Un intellettuale del suo spessore che parlava di un “nuovo noi” e non di contrapposizione sterile, che ragionava con conoscenza e intelligenza sulle fonti dottrinali e giurisprudenziali confrontandole con la realtà del luogo e del tempo, un uomo che non si lasciava né intimidire né comprare era vissuto come intollerabile dall’integralismo laicista che pervade la politica e la cultura mainstream francese.
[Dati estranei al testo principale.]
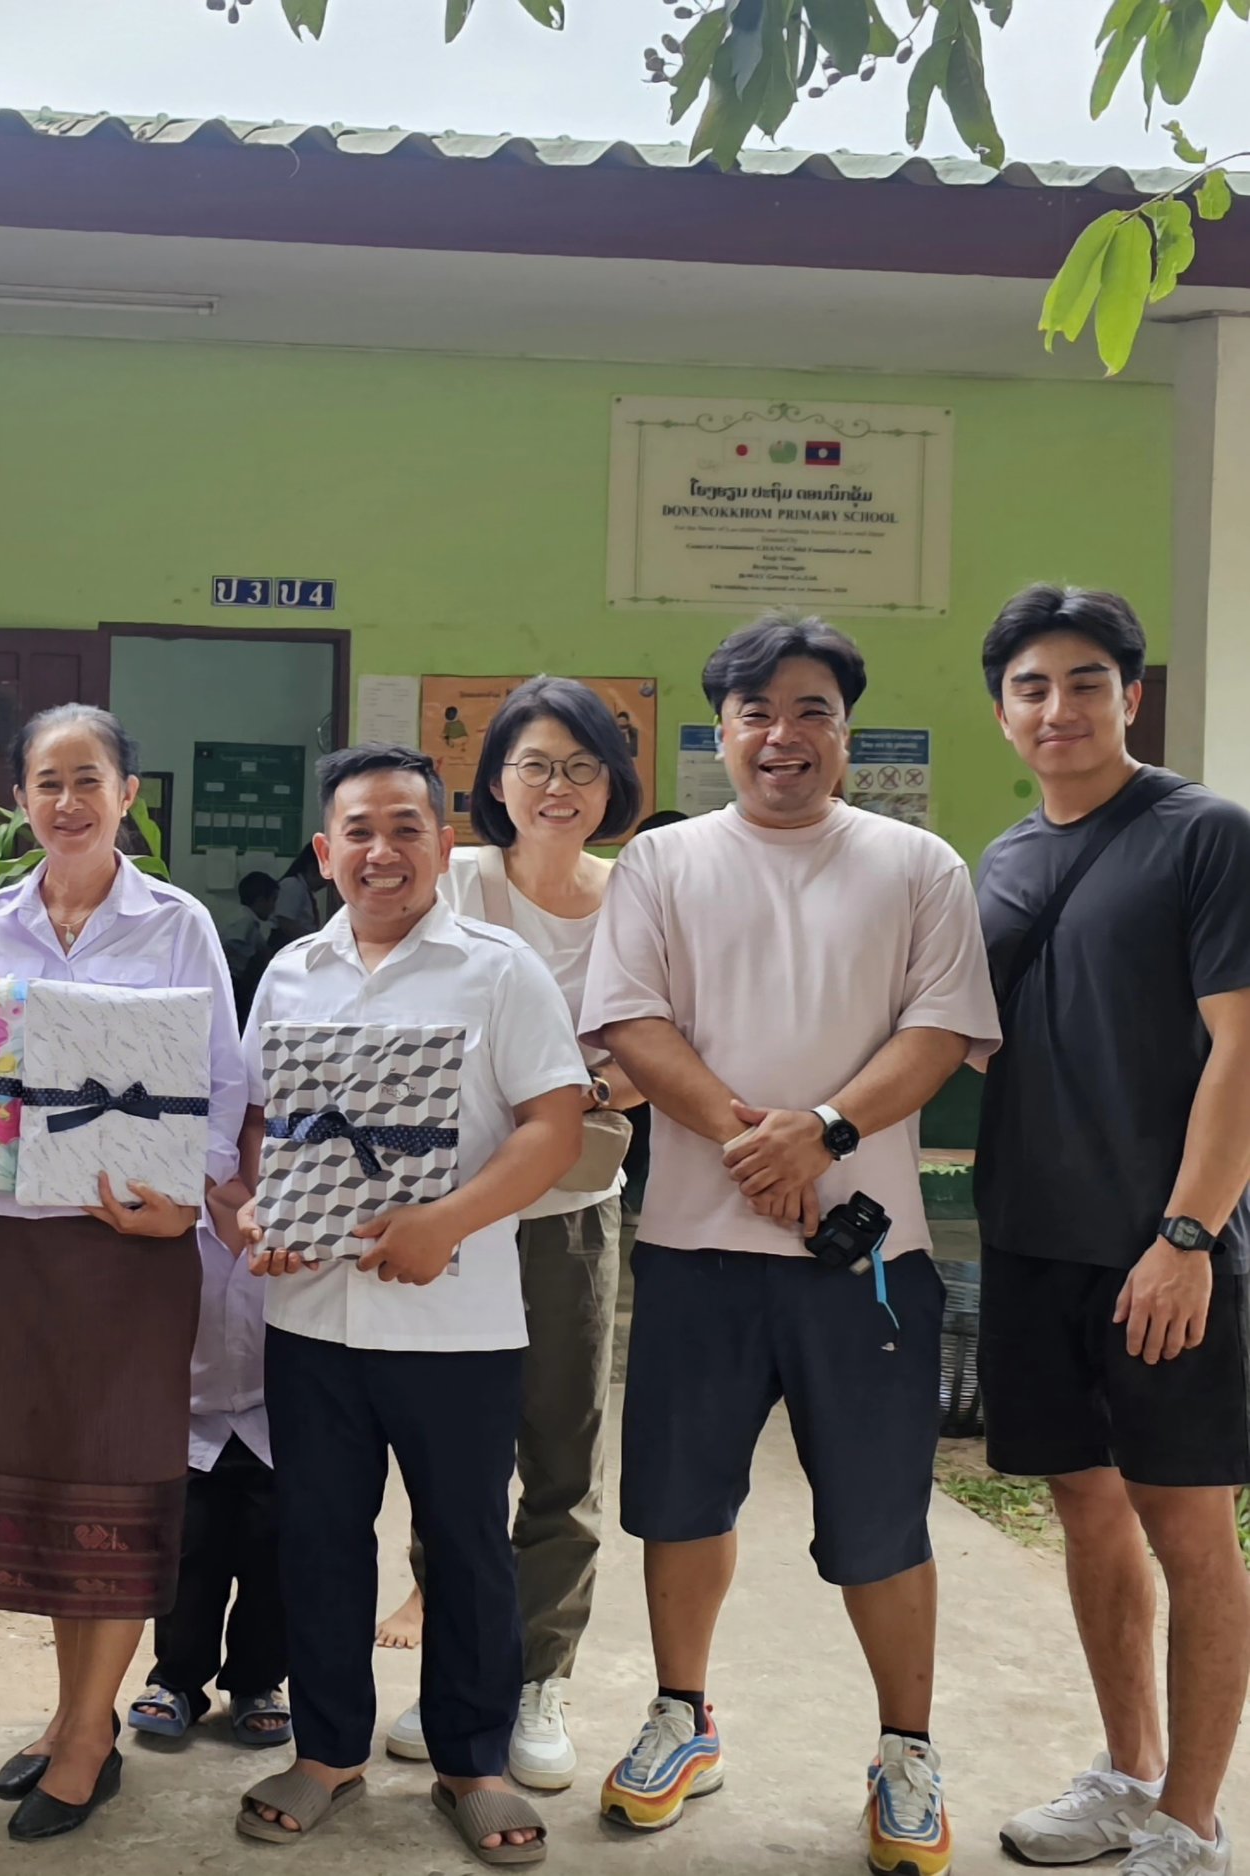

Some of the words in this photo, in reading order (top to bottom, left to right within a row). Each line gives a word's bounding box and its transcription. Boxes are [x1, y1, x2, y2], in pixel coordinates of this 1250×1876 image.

[662, 504, 773, 519] DONENOKKHOM
[777, 508, 839, 521] PRIMARY
[842, 511, 899, 523] SCHOOL
[247, 582, 263, 604] 3
[308, 584, 324, 606] 4
Non potendolo contrastare sul piano intellettuale hanno cercato di distruggerlo come persona, fino alle infamanti accuse di stupro che sono comunque praticamente annullate dalla stessa inchesta della polizia giudiziaria e se Dio vorrà saranno definitivamente sepolte dal processo, ammesso che si possa svolgere nella buona e dovuta forma e con tutte le garanzie che la legge e la procedura garantiscano alle parti in causa.

Nonostante il boicottaggio del sistema distributivo editoriale il libro è andato esaurito in tempi rapidissimi e la seconda edizione è ora in vendita nelle librerie e sulle piattaforme  delle maggiori librerie online.

Da amico ed estimatore di Tariq Ramadan, la cosa che più mi ha colpito è stata la sofferta sincerità che traspare in quelle pagine. Gestendo al meglio l’amarezza e la delusione di tanti voltafaccia imprevedibili Ramadan è riuscito portarci in quelle celle, in quelle infermerie, nei furgoni penitenziari e davanti ai suoi giudici, coinvolgendoci nella vicenda di un credente che nella sofferenza ha trovato l’orizzonte del riscatto che passa per il pentimento e per l’accettazione della prova, per quanto difficile essa possa essere.